• What is being asked: Starting at the line that holds "this 2352×1568 image.", transcribe every line to the end of the data exactly; include no other lines.

• Working data:
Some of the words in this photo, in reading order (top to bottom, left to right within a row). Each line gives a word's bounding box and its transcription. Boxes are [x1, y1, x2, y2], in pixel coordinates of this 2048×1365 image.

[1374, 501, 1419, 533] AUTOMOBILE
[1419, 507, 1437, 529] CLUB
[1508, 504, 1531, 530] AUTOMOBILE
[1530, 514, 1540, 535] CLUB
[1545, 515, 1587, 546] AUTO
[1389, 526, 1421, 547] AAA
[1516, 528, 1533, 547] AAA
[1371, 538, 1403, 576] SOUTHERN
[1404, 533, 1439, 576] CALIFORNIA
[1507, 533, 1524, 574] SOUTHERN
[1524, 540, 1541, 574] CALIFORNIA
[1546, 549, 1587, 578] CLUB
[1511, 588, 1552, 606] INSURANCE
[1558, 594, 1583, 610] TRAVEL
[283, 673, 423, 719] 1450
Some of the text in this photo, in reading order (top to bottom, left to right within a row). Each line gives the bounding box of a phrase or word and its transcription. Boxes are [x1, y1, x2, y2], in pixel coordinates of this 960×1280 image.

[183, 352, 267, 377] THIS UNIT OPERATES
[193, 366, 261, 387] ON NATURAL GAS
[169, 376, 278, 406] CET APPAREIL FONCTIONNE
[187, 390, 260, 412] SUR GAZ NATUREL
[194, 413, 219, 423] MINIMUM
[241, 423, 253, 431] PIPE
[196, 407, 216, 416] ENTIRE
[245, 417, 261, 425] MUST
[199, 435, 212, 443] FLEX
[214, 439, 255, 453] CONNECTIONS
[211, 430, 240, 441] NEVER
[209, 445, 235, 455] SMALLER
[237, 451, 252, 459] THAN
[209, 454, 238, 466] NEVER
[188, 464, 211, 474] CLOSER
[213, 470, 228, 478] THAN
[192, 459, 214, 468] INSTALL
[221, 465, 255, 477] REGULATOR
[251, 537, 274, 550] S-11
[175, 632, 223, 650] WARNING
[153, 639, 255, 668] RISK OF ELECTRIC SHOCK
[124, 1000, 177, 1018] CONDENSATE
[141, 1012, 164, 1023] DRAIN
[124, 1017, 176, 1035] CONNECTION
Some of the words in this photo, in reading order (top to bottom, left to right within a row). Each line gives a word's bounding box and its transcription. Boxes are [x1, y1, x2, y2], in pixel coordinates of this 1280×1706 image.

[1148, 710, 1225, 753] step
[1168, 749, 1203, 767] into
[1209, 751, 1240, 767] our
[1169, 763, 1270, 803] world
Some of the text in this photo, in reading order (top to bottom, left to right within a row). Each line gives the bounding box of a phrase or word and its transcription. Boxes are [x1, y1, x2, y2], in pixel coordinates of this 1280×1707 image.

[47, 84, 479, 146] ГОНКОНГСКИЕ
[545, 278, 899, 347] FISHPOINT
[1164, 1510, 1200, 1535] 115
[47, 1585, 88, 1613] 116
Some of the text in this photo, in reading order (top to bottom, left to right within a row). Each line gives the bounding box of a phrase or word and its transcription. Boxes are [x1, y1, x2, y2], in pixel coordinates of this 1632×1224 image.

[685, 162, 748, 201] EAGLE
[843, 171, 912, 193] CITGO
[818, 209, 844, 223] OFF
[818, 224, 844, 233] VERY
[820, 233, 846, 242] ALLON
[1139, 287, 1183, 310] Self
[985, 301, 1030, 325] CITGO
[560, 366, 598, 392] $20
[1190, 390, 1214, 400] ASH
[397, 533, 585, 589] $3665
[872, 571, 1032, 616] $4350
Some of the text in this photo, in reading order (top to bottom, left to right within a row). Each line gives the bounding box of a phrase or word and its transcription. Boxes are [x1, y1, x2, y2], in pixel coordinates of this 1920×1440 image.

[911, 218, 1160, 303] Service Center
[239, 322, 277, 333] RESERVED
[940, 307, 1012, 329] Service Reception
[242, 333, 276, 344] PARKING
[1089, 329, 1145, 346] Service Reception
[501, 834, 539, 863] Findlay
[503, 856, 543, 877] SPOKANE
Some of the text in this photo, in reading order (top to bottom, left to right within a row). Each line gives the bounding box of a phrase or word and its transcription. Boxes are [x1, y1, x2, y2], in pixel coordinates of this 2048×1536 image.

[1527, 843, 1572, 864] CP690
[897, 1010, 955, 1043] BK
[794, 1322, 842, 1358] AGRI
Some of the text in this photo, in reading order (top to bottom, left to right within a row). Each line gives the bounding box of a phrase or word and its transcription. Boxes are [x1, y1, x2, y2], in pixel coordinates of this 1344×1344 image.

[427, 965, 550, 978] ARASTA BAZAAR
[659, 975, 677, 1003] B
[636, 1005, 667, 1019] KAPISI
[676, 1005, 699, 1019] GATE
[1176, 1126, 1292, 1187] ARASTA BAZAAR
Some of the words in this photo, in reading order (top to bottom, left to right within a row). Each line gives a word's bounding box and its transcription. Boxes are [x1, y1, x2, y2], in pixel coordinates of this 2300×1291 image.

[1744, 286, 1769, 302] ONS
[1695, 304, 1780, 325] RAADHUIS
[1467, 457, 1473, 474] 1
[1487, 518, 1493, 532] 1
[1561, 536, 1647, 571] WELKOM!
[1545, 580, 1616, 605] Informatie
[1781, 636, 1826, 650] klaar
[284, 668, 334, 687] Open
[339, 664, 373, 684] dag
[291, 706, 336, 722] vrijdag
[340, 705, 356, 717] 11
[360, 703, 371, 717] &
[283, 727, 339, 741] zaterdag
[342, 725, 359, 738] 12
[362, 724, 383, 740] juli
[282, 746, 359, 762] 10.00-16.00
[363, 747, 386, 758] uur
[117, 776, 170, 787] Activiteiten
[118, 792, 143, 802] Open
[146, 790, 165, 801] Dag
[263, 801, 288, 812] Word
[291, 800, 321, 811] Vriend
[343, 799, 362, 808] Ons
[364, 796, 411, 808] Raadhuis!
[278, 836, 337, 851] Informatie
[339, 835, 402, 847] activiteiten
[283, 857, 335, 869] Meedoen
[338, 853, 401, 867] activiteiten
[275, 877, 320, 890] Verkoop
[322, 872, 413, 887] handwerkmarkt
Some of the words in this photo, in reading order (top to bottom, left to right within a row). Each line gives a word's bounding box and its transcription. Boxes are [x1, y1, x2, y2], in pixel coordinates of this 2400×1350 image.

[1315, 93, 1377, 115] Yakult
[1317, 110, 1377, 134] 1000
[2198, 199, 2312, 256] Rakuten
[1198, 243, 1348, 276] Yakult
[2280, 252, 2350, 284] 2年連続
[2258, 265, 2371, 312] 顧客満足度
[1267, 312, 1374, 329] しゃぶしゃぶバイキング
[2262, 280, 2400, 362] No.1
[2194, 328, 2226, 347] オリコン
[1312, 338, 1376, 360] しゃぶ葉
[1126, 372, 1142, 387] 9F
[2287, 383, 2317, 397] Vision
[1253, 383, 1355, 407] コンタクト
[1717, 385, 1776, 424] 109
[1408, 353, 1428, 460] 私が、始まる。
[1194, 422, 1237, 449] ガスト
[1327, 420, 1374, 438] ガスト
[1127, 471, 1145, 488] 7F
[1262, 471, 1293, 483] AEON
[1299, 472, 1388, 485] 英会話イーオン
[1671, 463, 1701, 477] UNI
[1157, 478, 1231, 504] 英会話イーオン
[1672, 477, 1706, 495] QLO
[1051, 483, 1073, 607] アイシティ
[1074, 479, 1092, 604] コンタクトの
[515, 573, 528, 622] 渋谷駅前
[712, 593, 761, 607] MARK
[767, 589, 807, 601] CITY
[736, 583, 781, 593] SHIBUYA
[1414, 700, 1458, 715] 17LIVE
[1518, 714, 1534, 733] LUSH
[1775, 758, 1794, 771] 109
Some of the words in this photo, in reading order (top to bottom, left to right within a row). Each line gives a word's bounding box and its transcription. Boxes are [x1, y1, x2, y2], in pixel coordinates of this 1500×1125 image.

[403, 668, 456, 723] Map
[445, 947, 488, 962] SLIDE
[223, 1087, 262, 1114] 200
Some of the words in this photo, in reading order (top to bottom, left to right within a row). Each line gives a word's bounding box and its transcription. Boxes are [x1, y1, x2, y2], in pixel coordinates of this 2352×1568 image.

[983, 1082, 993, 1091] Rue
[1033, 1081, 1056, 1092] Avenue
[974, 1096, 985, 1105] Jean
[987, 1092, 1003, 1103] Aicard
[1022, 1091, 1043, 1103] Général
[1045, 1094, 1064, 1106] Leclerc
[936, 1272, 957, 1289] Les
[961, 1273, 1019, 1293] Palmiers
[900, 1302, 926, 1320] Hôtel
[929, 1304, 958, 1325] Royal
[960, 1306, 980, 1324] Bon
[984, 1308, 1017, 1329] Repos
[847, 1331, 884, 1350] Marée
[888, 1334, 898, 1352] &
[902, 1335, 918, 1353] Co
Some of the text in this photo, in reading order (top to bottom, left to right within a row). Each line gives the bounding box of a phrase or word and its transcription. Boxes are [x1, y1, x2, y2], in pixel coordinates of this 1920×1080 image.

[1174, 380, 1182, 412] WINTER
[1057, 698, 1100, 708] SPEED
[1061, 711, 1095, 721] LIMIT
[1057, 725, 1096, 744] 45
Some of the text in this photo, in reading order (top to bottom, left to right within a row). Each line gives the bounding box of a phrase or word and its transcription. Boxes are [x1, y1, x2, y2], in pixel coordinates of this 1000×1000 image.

• Completed task:
Some of the words in this photo, in reading order (top to bottom, left to right within a row). Each line gives a word's bounding box and its transcription. Boxes are [x1, y1, x2, y2], in pixel coordinates of this 2352×1568 image.

[983, 1082, 993, 1091] Rue
[1033, 1081, 1056, 1092] Avenue
[974, 1096, 985, 1105] Jean
[987, 1092, 1003, 1103] Aicard
[1022, 1091, 1043, 1103] Général
[1045, 1094, 1064, 1106] Leclerc
[936, 1272, 957, 1289] Les
[961, 1273, 1019, 1293] Palmiers
[900, 1302, 926, 1320] Hôtel
[929, 1304, 958, 1325] Royal
[960, 1306, 980, 1324] Bon
[984, 1308, 1017, 1329] Repos
[847, 1331, 884, 1350] Marée
[888, 1334, 898, 1352] &
[902, 1335, 918, 1353] Co
Some of the text in this photo, in reading order (top to bottom, left to right within a row). Each line gives the bounding box of a phrase or word and its transcription. Boxes are [x1, y1, x2, y2], in pixel coordinates of this 1920×1080 image.

[1174, 380, 1182, 412] WINTER
[1057, 698, 1100, 708] SPEED
[1061, 711, 1095, 721] LIMIT
[1057, 725, 1096, 744] 45
Some of the text in this photo, in reading order (top to bottom, left to right within a row). Each line gives the bounding box of a phrase or word and its transcription. Boxes are [x1, y1, x2, y2], in pixel coordinates of this 1000×1000 image.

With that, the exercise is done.